Write out, word for word, every line from the one containing "this 1878×1174 image." through the final line of the records.

(Records excerpted from a collection)
──────────────────────────────
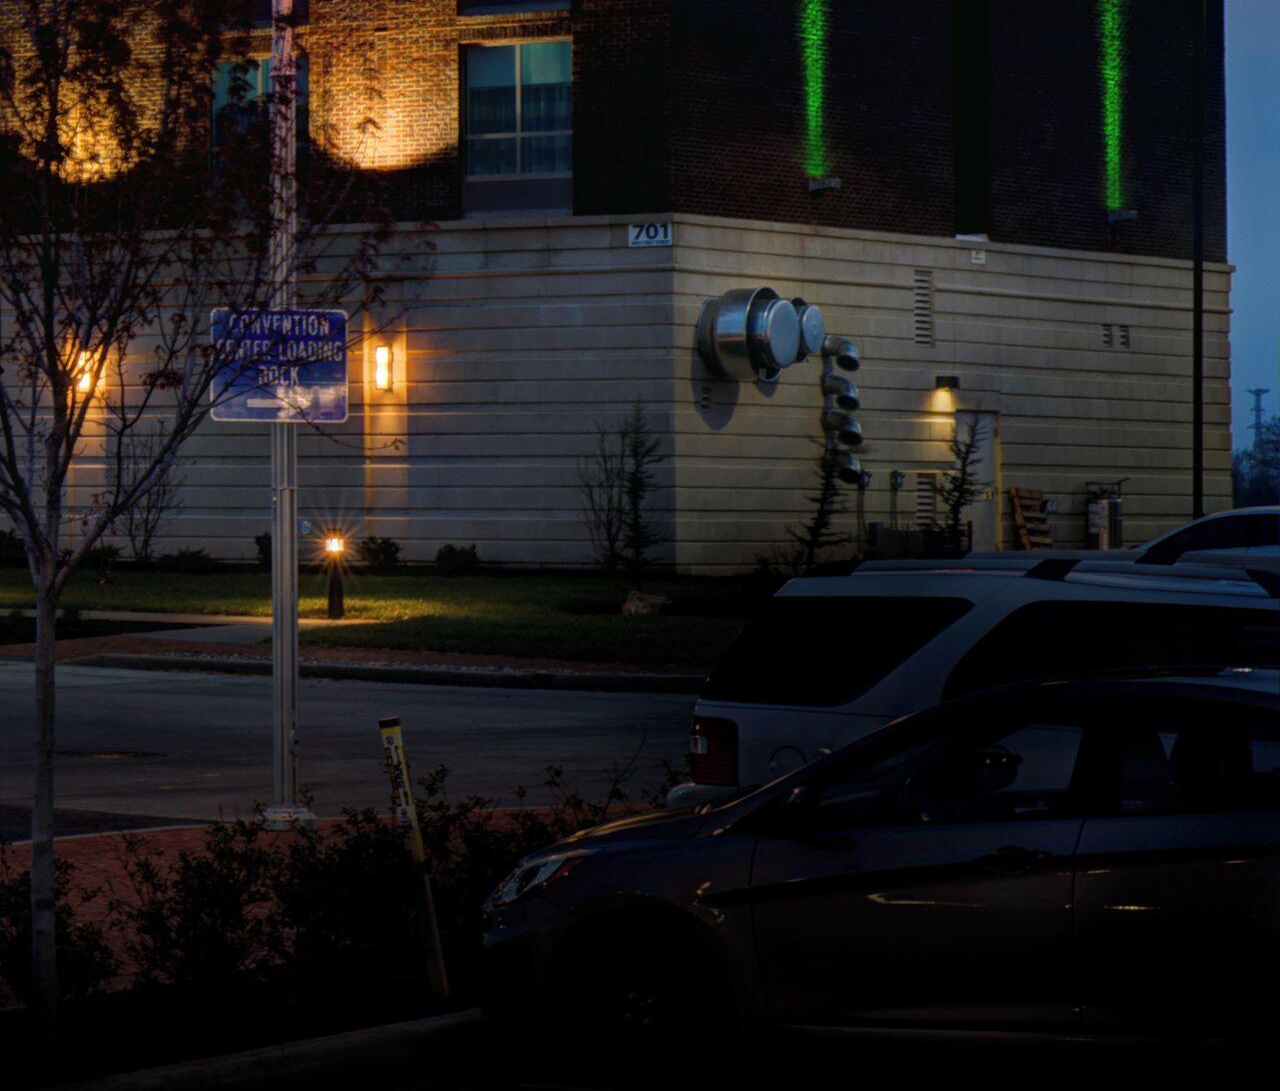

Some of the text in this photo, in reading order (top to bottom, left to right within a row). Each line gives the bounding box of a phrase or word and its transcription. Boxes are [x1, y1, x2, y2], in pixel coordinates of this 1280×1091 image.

[632, 223, 668, 240] 701
[228, 314, 330, 336] CONVENTION
[278, 340, 343, 362] LOADING
[258, 365, 301, 387] DOCK
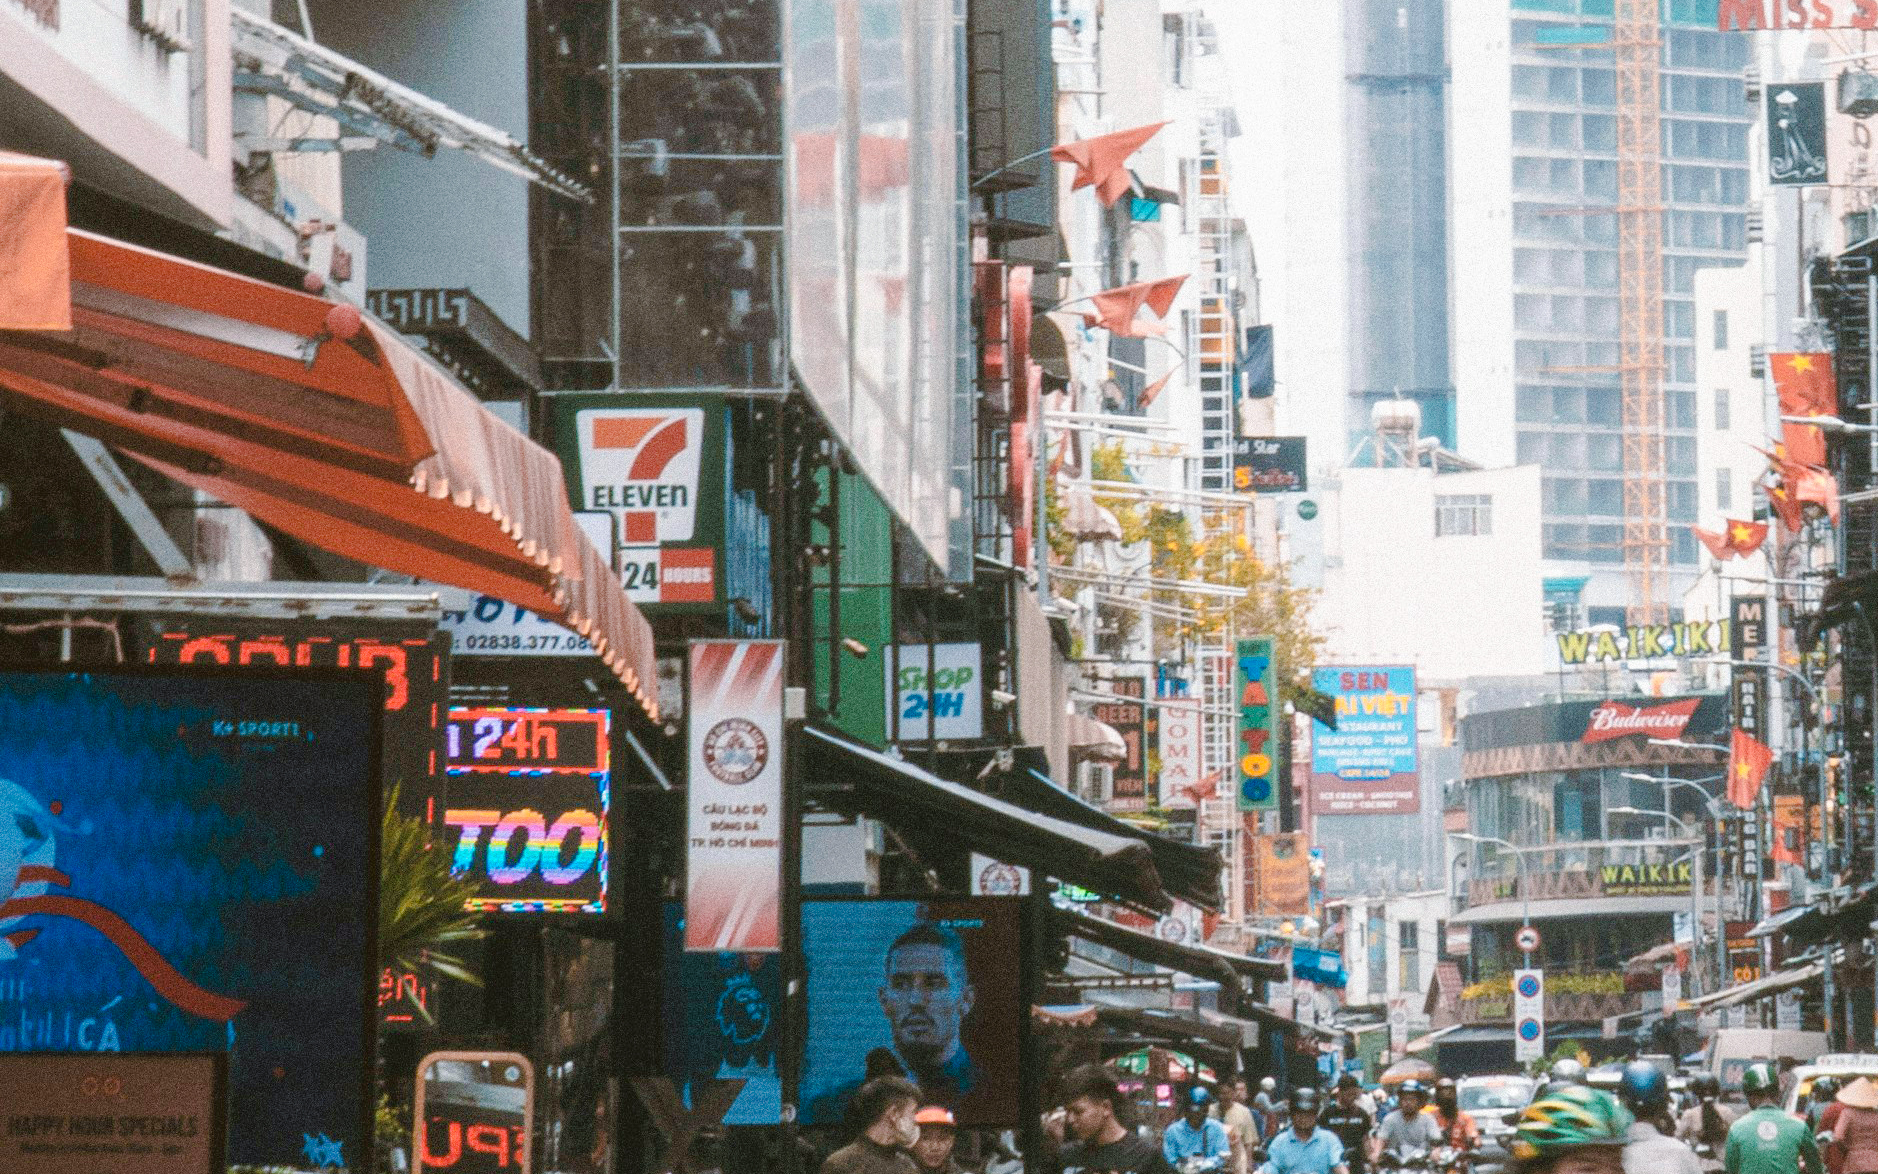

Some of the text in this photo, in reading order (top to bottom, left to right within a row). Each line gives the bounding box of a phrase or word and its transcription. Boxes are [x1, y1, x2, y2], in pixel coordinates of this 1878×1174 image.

[592, 416, 688, 480] 7
[593, 485, 688, 507] ELEVEN
[623, 561, 712, 590] 24 HOURS
[1557, 617, 1730, 664] WAIKIKI
[898, 666, 973, 690] SHOP
[1340, 672, 1388, 690] SEN
[903, 693, 965, 718] 24H
[1239, 655, 1271, 801] TATTOO
[1589, 706, 1693, 734] Budweiser
[473, 716, 556, 759] 24h
[1601, 863, 1691, 883] WAIKIK
──────────────────────────────
Task solution:
Some of the text in this photo, in reading order (top to bottom, left to right within a row). Each line gives the bounding box of a phrase or word and its transcription. Boxes are [x1, y1, x2, y2], in pixel coordinates of this 1878×1174 image.

[592, 416, 688, 480] 7
[593, 485, 688, 507] ELEVEN
[623, 561, 712, 590] 24 HOURS
[1557, 617, 1730, 664] WAIKIKI
[898, 666, 973, 690] SHOP
[1340, 672, 1388, 690] SEN
[903, 693, 965, 718] 24H
[1239, 655, 1271, 801] TATTOO
[1589, 706, 1693, 734] Budweiser
[473, 716, 556, 759] 24h
[1601, 863, 1691, 883] WAIKIK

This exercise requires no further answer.